AA allows the operator to configure PPID filters that contain a list of PPIDs to allow or deny.

config>app-assure>group <aa-group-id>[:<partition>] 
         sctp-filter <sctp-filter-name> [create]
               description <description-string>
               no description
               event-log <event-log-name>
               no event-log
               ppid-range min <min-ppid> max <max-ppid>   //[0..4294967295]
               no ppid-range
               ppid
                    default-action {permit | deny}
                    entry <entry-id> value <ppid-value> action {permit | deny}
                         //<entry-id> : [1..255]
                                <ppid-value>    : [0..4294967295]D | [256 chars max]
                                <permit | deny> : permit | deny
                    no value <entry-id>
         no sctp-filter <sctp-filter-name>

The filter can then be used within an AQP action.

AA identifies DATA chunks within SCTP payloads (for example, as first, nth or last chunk) and filters according to the configure PPID filter.
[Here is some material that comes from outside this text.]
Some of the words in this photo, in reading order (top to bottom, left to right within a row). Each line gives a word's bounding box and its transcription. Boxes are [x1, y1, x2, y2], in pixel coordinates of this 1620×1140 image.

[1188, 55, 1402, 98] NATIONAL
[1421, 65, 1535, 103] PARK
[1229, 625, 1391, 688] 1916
If any chunk PPID matches a PPID on the configured blocked PPID list, the whole SCTP packet is dropped.

SCTP packets without DATA chunks are not impacted or accounted for by an SCTP Filter.

For IP fragmentation, and in the case where the operator did not configure AA ISA to drop ‟all fragmented traffic”, only the first IP fragment is inspected and subject to the PPID filtering. Any action applied to the first fragment is also applied to the remaining fragments. Out-of-order fragments appearing before the first fragment receive the default action (for example, drop action of ‟out-of-order-Frag”).